*Your goal*
If you see a picture in the data below, omit it and copy the rest exactly.

'''

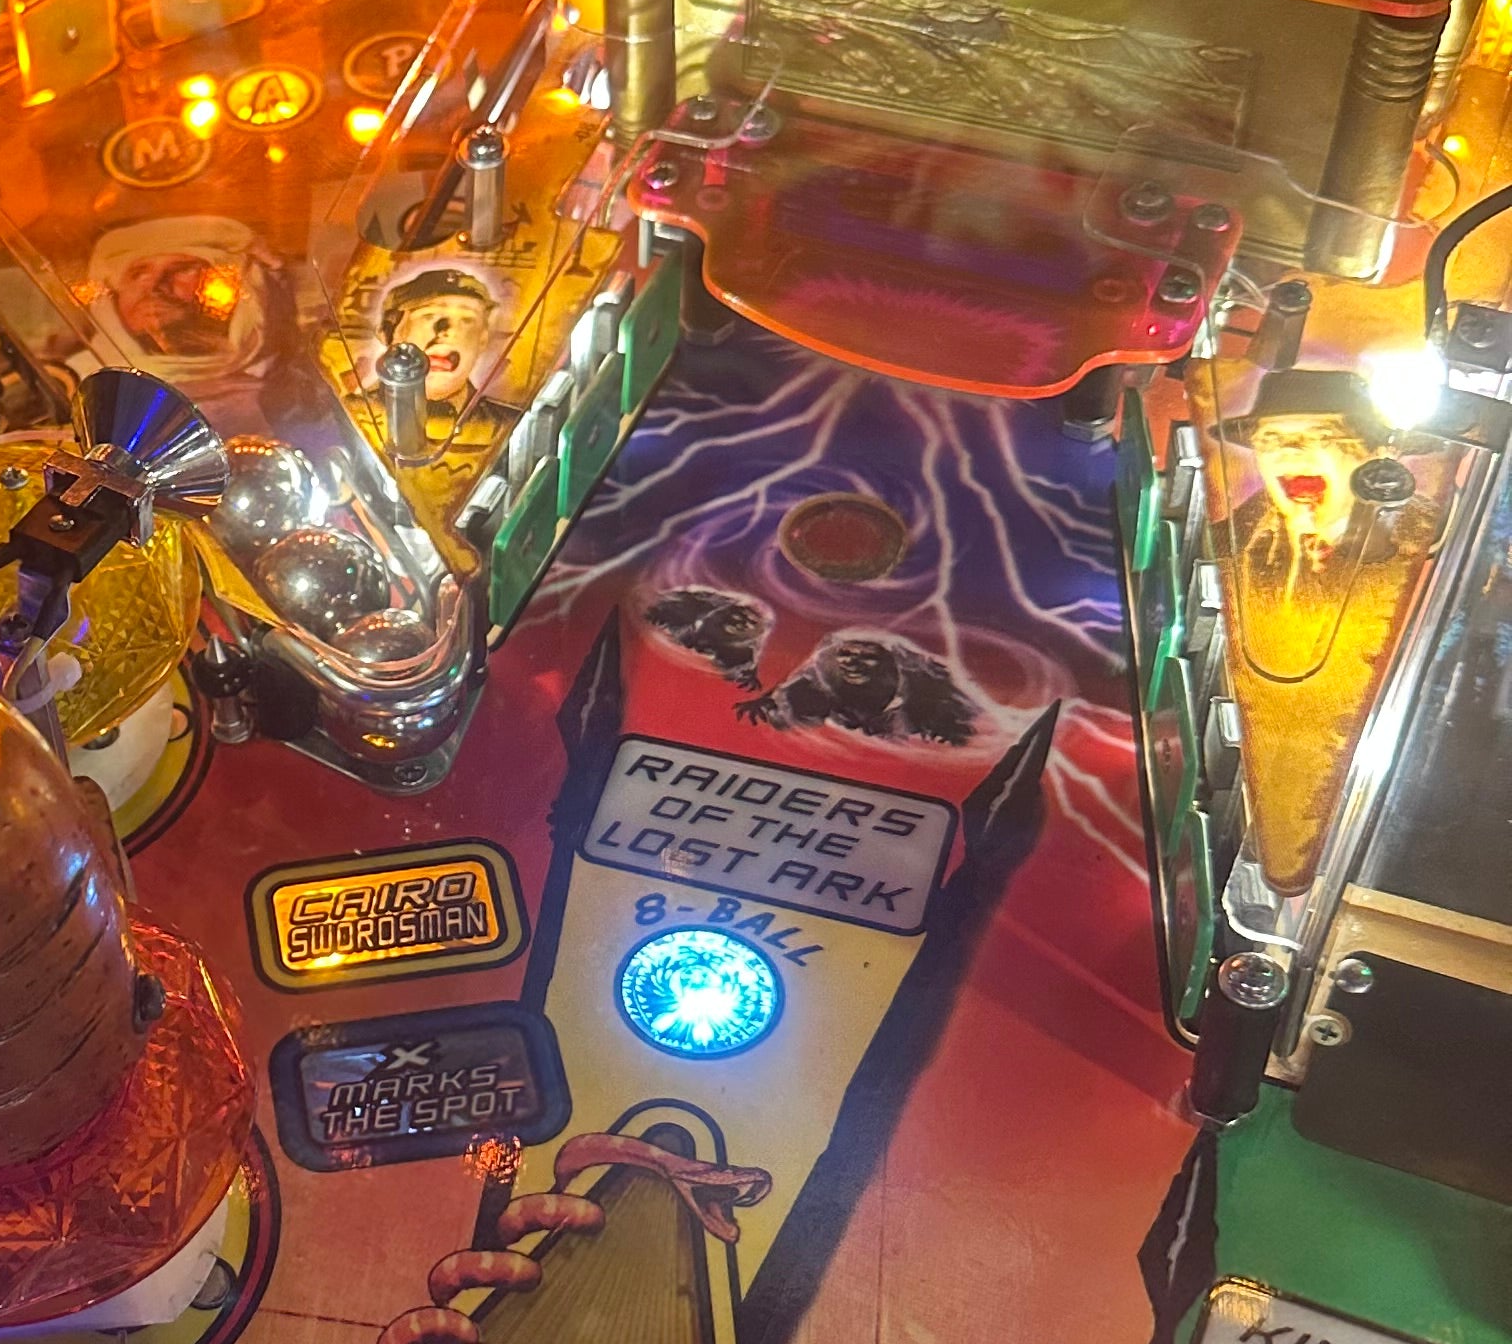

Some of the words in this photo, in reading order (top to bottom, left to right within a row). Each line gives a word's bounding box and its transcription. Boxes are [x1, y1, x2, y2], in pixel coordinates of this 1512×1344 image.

[133, 129, 182, 169] M
[624, 754, 925, 837] RAIDERS
[649, 795, 734, 825] OF
[747, 815, 861, 858] THE
[597, 820, 759, 874] LOST
[767, 859, 913, 913] ARK
[289, 870, 478, 925] CAIRO
[288, 903, 488, 960] SWORDSMAN
[634, 892, 825, 968] 8-BALL
[385, 1042, 434, 1070] X
[322, 1103, 402, 1136] THE
[413, 1087, 521, 1124] SPOT
[331, 1065, 499, 1107] MARKS
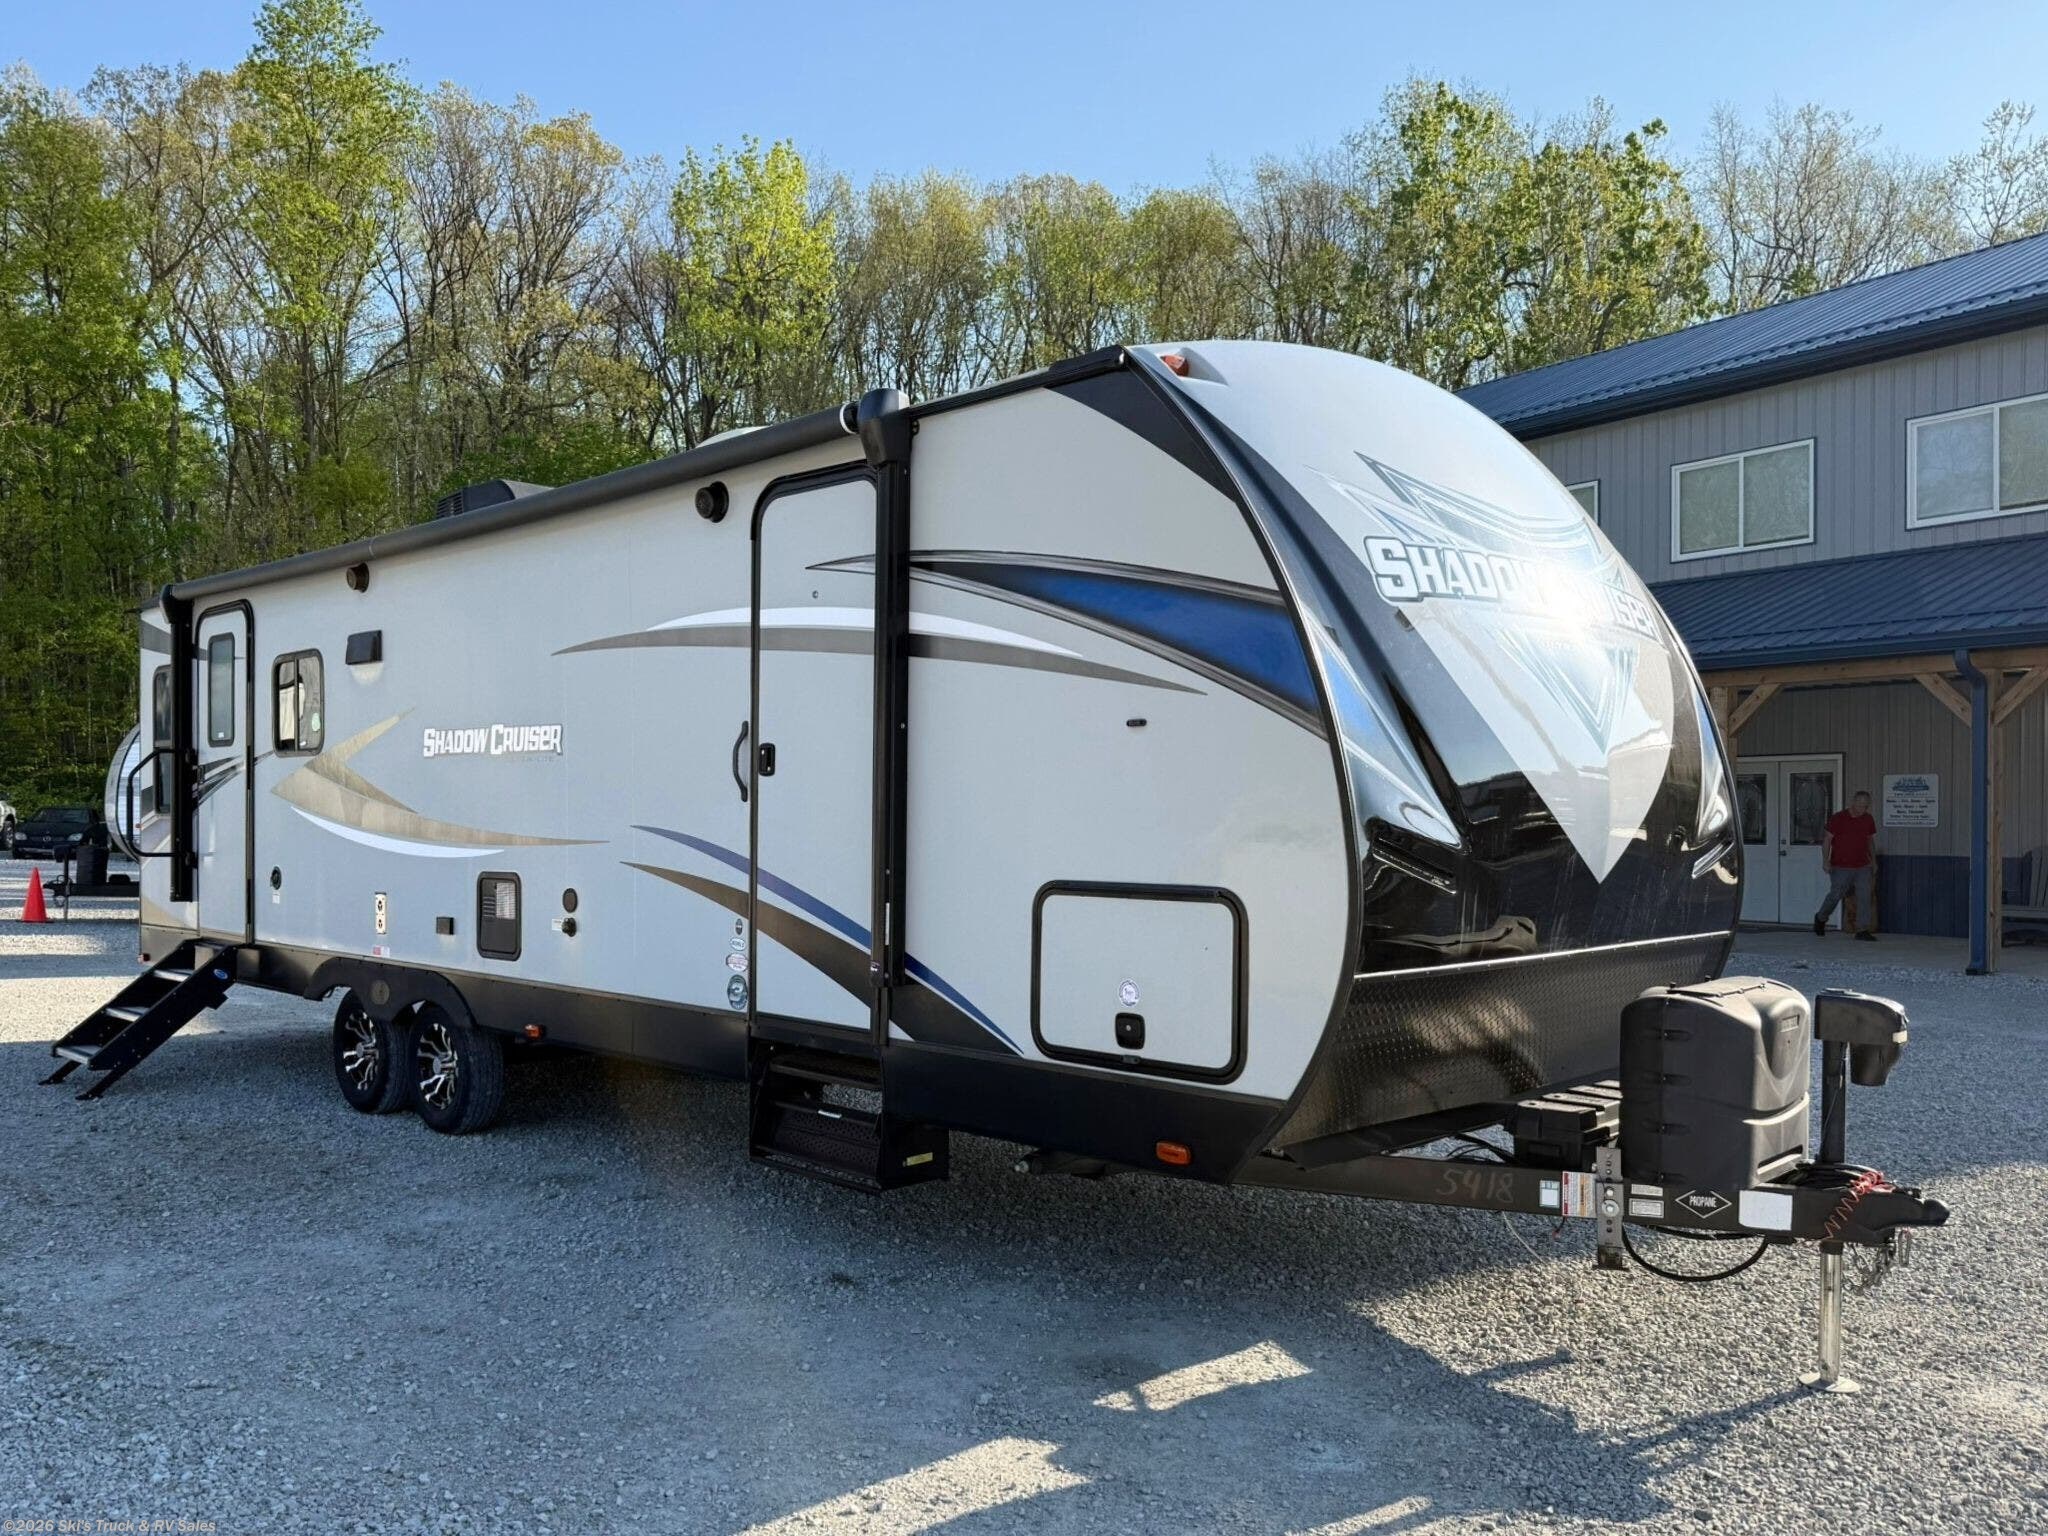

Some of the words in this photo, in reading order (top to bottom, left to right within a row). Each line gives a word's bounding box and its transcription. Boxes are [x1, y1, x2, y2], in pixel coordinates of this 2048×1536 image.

[423, 728, 489, 757] SHADOW
[490, 724, 563, 756] CRUISER
[1435, 1168, 1514, 1203] 5418
[1689, 1195, 1717, 1208] PROPANE
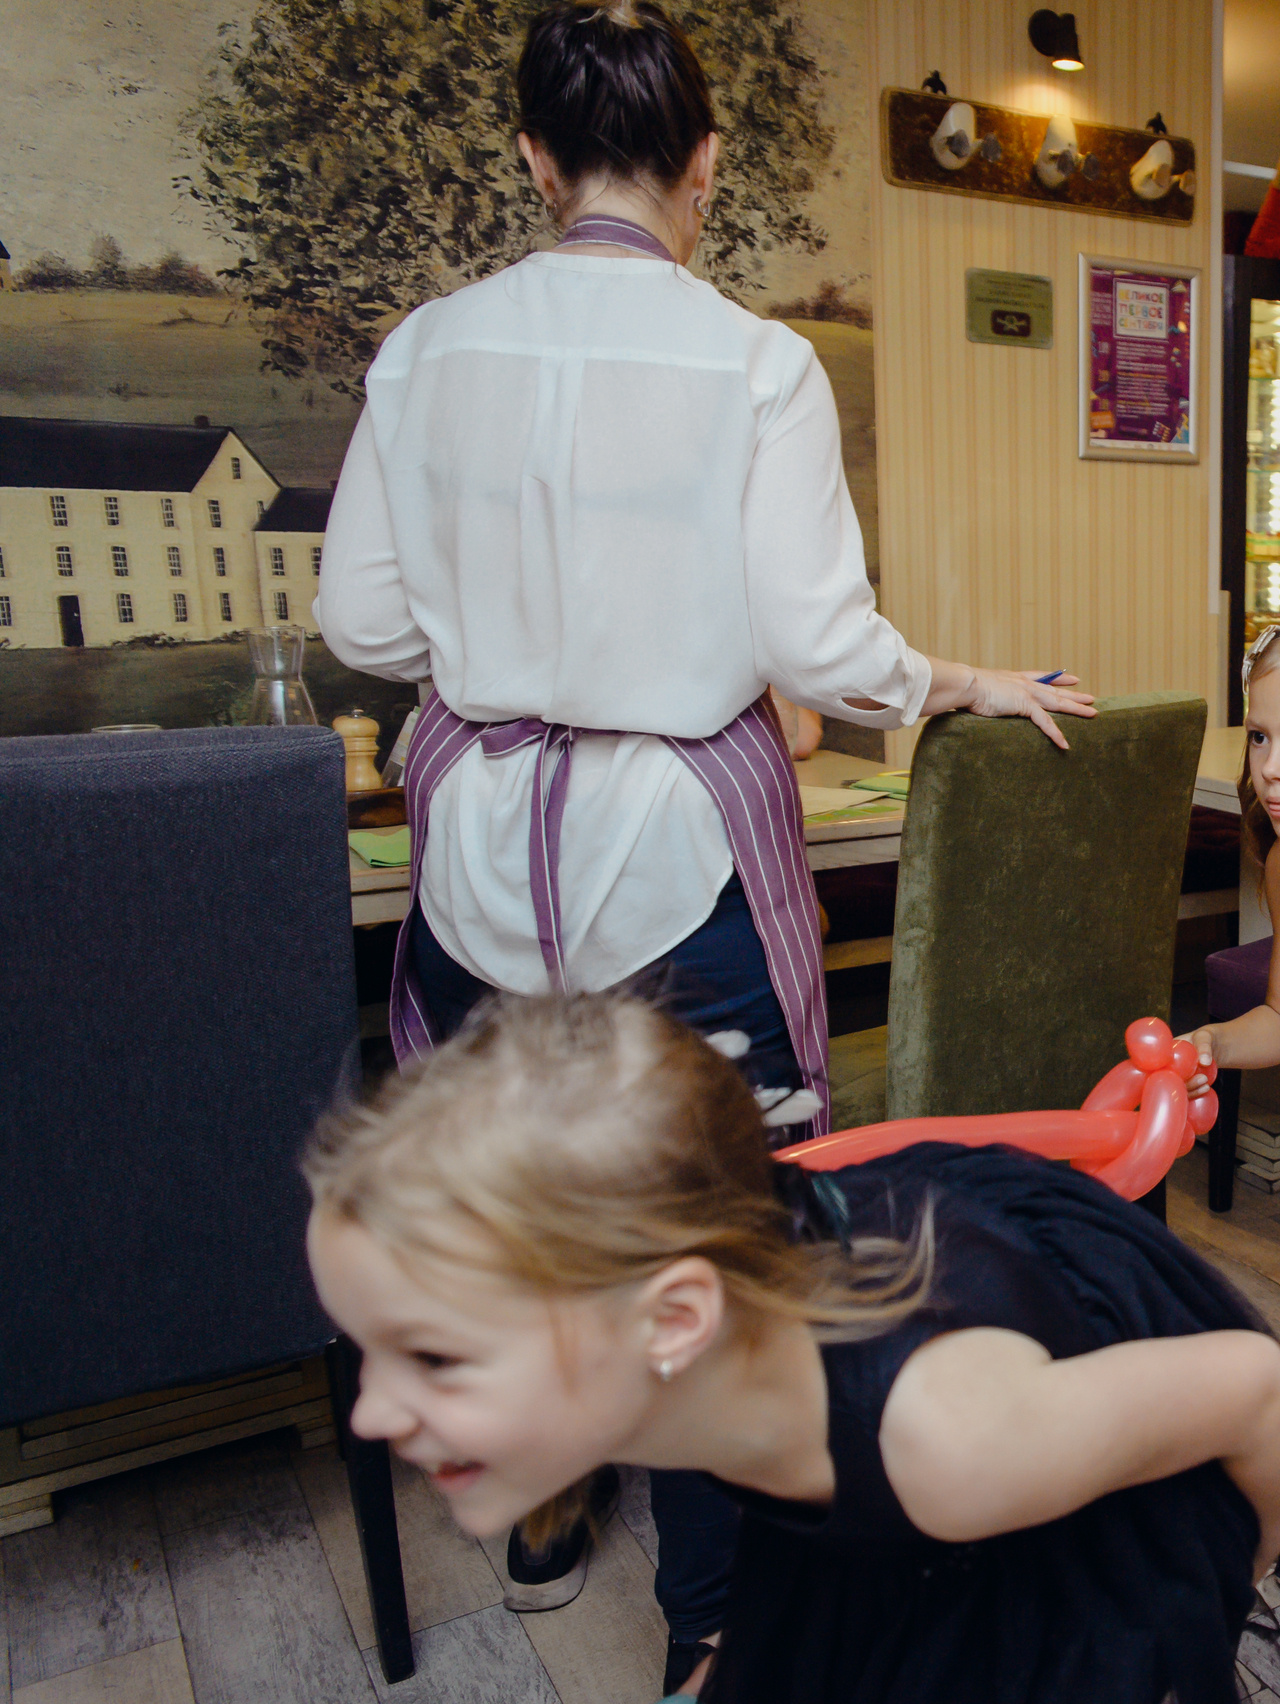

'''

*Response to the exercise*
Some of the words in this photo, in reading order (top to bottom, left to right within a row). Each line gives a word's bounding box and its transcription. Boxes are [x1, y1, x2, y2], in pixel coordinates of this 1512×1344 image.

[133, 129, 182, 169] M
[624, 754, 925, 837] RAIDERS
[649, 795, 734, 825] OF
[747, 815, 861, 858] THE
[597, 820, 759, 874] LOST
[767, 859, 913, 913] ARK
[289, 870, 478, 925] CAIRO
[288, 903, 488, 960] SWORDSMAN
[634, 892, 825, 968] 8-BALL
[385, 1042, 434, 1070] X
[322, 1103, 402, 1136] THE
[413, 1087, 521, 1124] SPOT
[331, 1065, 499, 1107] MARKS

Some of the words in this photo, in reading order (top to bottom, left to right within a row). Each line gives a word's bounding box and its transcription. Boxes are [x1, y1, x2, y2], in pixel coordinates of this 2048×1536 image.

[423, 728, 489, 757] SHADOW
[490, 724, 563, 756] CRUISER
[1435, 1168, 1514, 1203] 5418
[1689, 1195, 1717, 1208] PROPANE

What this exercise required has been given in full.